Mike and Frank automatically drew breath as Lonny paused.

‘Where?’ said Frank. ‘When?’

Lonny ran stiffened fingers across his face as if he was crushing an itch.

‘The girl in the Saran Wrap. That sound like a book. Doesn’t that sound like a book?’

‘It sounds like a book,’ agreed Frank.

‘You came sneaking in on tippy-toes and then…ah…you suddenly turned and said in your best cop’s voice…’ He deepened his voice and looked with mock-seriousness. ‘‘Against the wall. Turn around’. All deep and angry you were. All deep and angry.’ Lonny held up a finger. ‘But, there was no one there. You had a fight with…fresh air. You killed…a wall.’ Lonny sniggered. ‘You killed a wall.’

‘And you saw all this?’

‘I did,’ said Lonny excitedly. ‘I did.’

‘Then what?’

Frank felt sick. Much as he’d tried, he’d never been able to forget those moments. Why was it that the things you wanted to repress stayed bobbing like a corpse on the surface, while the things you needed to remember remained hidden away, stabbing at your psyche and screwing up your life?
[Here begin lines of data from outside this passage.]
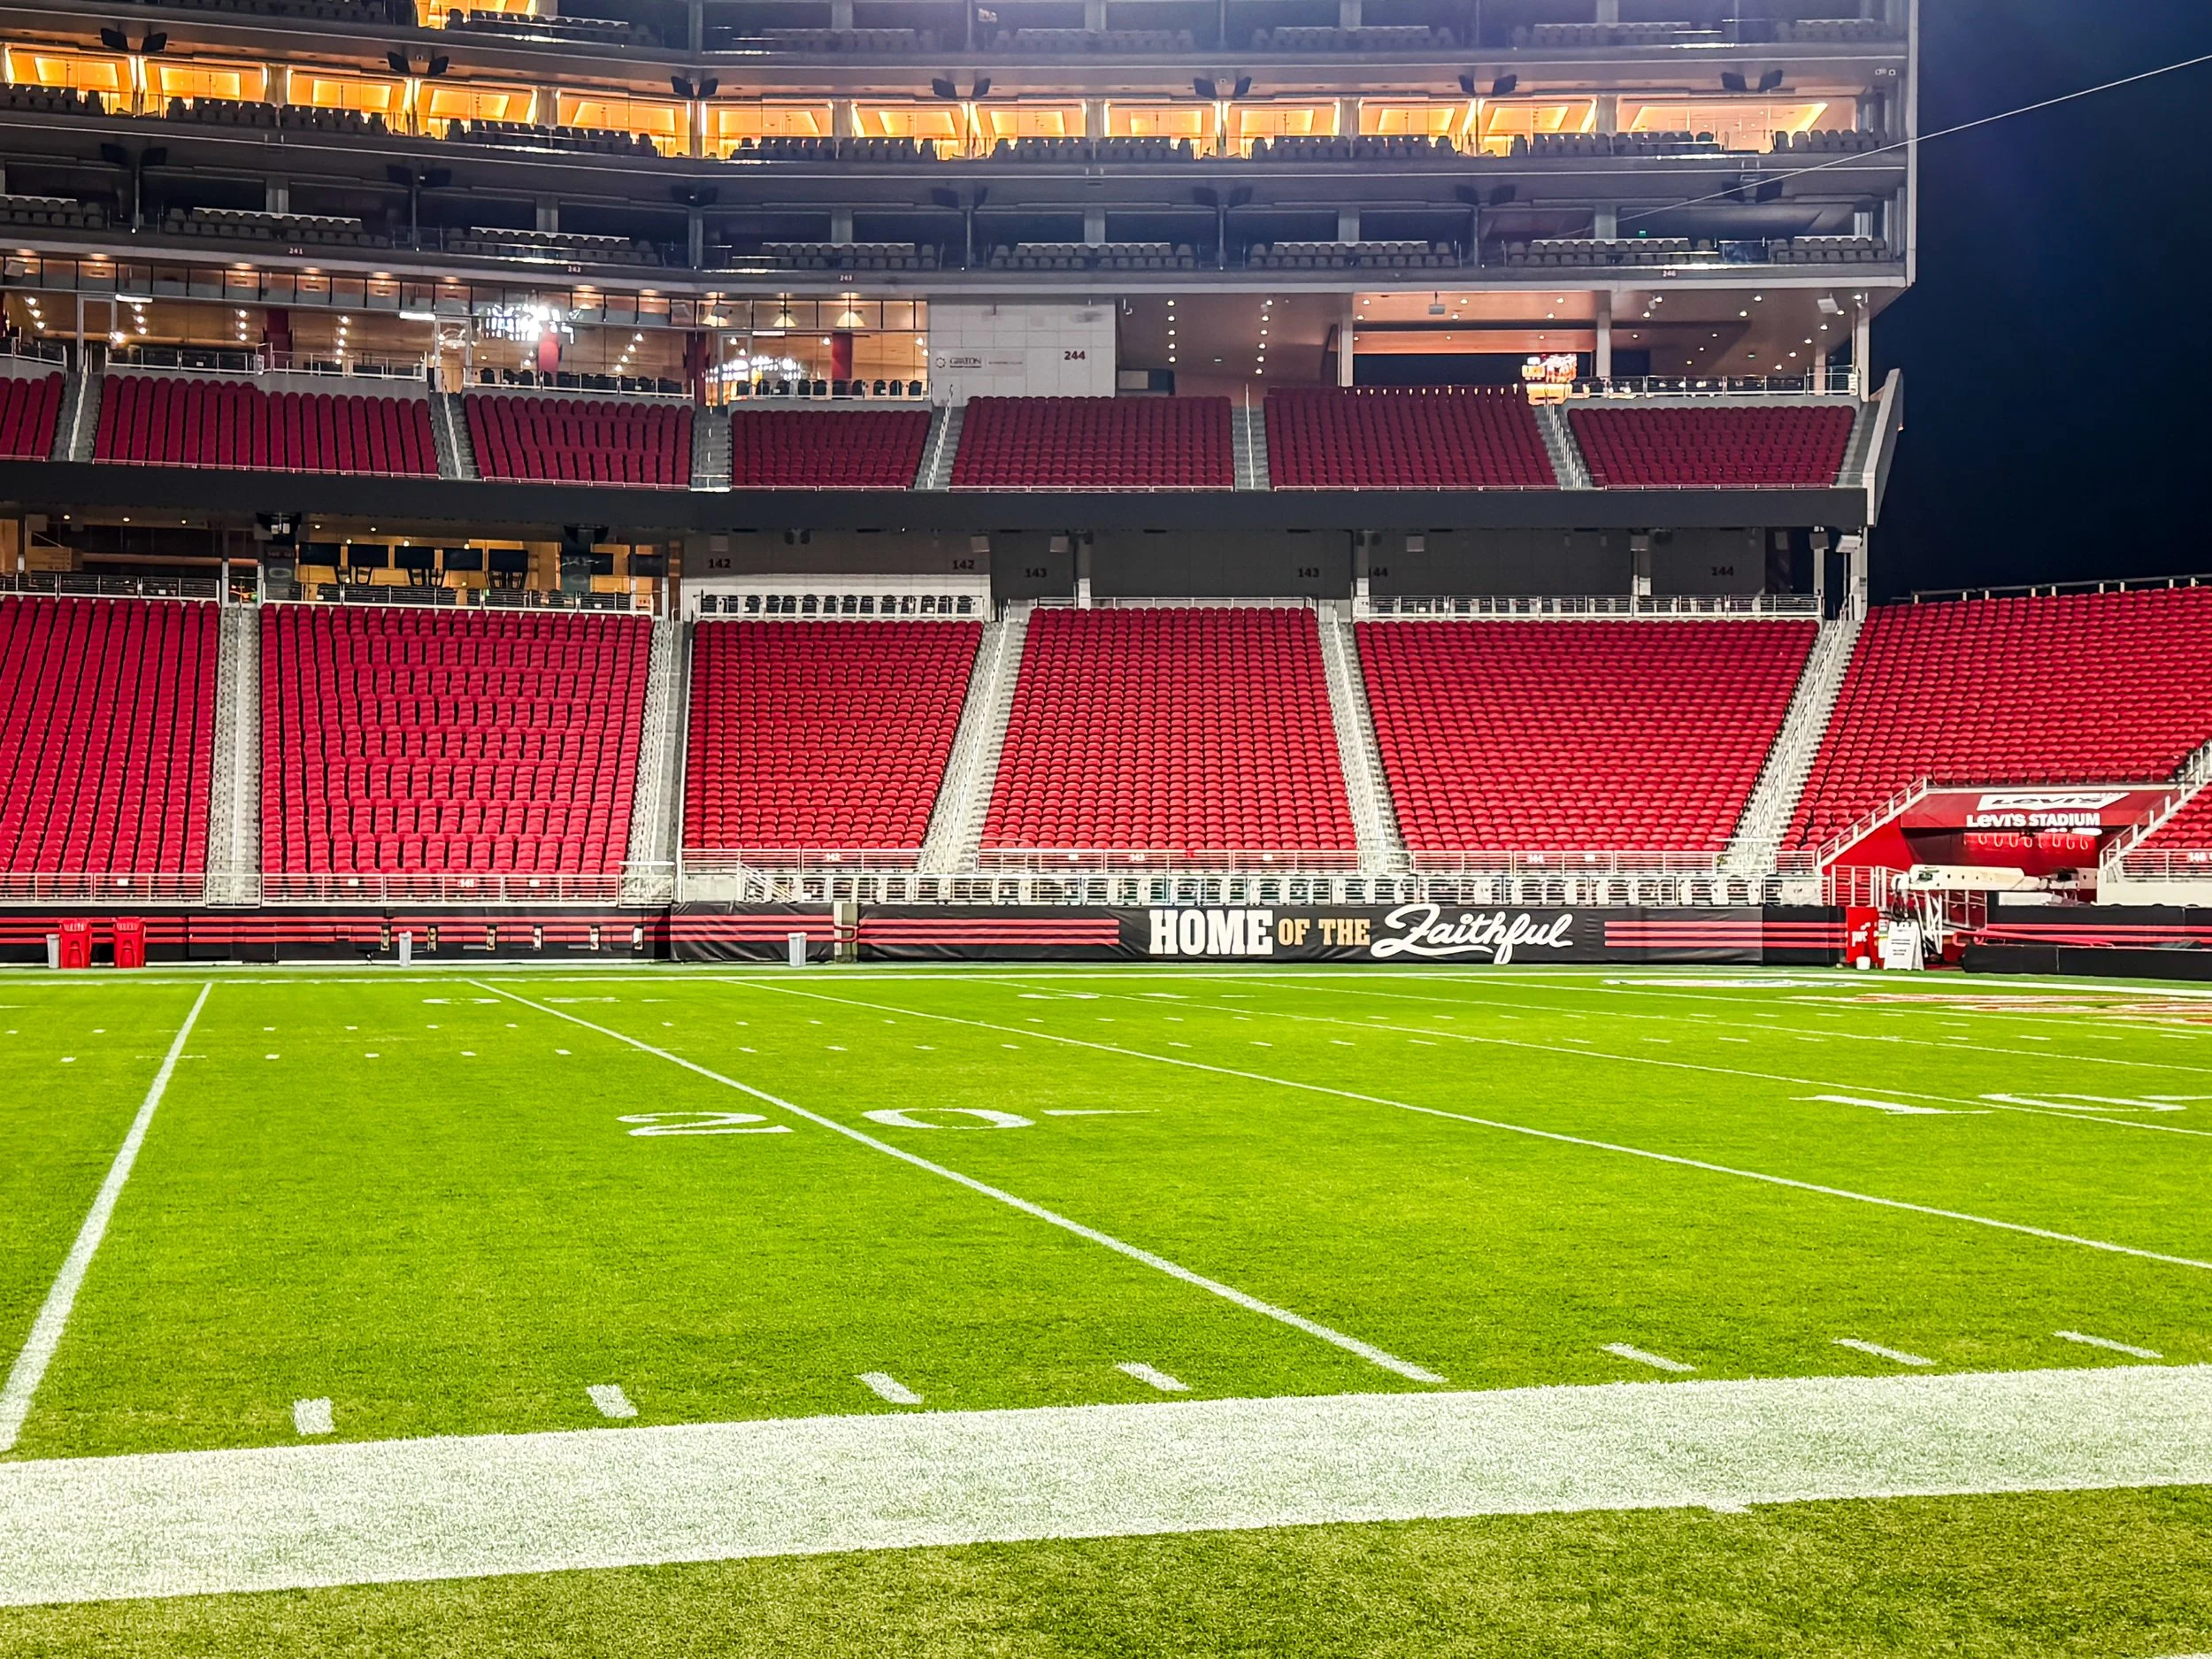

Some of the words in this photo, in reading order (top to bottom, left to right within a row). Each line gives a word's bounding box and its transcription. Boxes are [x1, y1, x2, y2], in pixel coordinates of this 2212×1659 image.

[1064, 350, 1087, 360] 244
[708, 558, 732, 569] 142
[952, 559, 975, 570] 142
[1025, 568, 1048, 578] 143
[1298, 568, 1319, 578] 143
[2029, 812, 2101, 827] STADIUM
[1148, 910, 1273, 956] HOME
[1278, 921, 1311, 947] OF
[1318, 918, 1371, 947] THE
[1371, 903, 1573, 964] Faithful
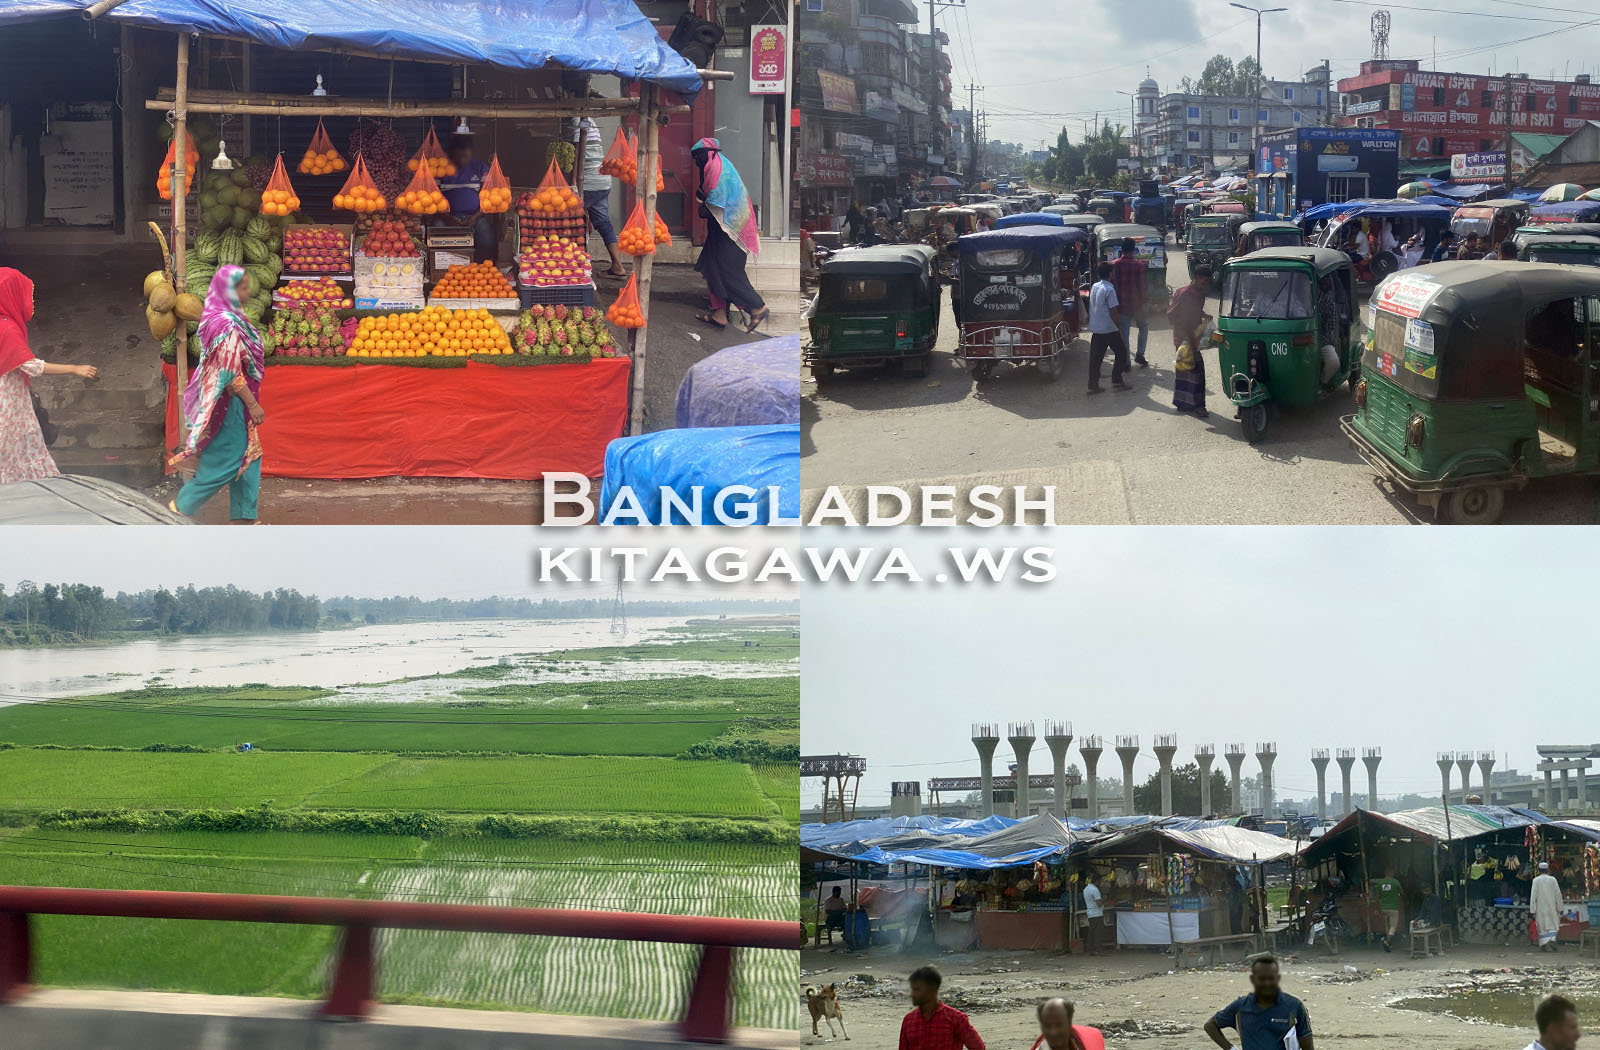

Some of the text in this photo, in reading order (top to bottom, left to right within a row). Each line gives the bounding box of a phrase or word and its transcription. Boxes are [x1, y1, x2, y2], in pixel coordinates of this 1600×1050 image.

[1403, 72, 1477, 90] ANWAR ISPAT
[1402, 111, 1447, 125] আনোয়ার
[1530, 112, 1555, 127] ISPAT
[1361, 140, 1397, 148] WALTON
[1271, 342, 1288, 356] CNG
Lonny shoved the rest of the cookie into his mouth and chewed.

‘Well,’ he said as bits of food sprayed across the desk. ‘I thought you’d died. Really, I thought, well, there you go, he’s dead. I honestly thought at that second that I had some sort of power, that all I had to do was be in the room with someone and they would die. Can you imagine that? No more waiting in line in the shops.

Anyway, I came out from my hidey hole and heard you still breathing. You sounded like a pig. You were snorting like you were rooting for nuts in the ground. I nearly killed you but then I thought ‘Whoa! Wait a moment. I can have some fun here.’ So I did. I dipped your thumbs in her eyes and dragged those perfect nails of yours across the scratches around her eyes, then flicked a little blood onto your shirt.’ He leaned towards Frank, his chin resting on the palm of his hand as if he was chatting with an old friend. ‘What happened? Tell me what happened. I can tell you what
I
think happened, but I’d like to hear it from you.’ He narrowed his eyes and smiled.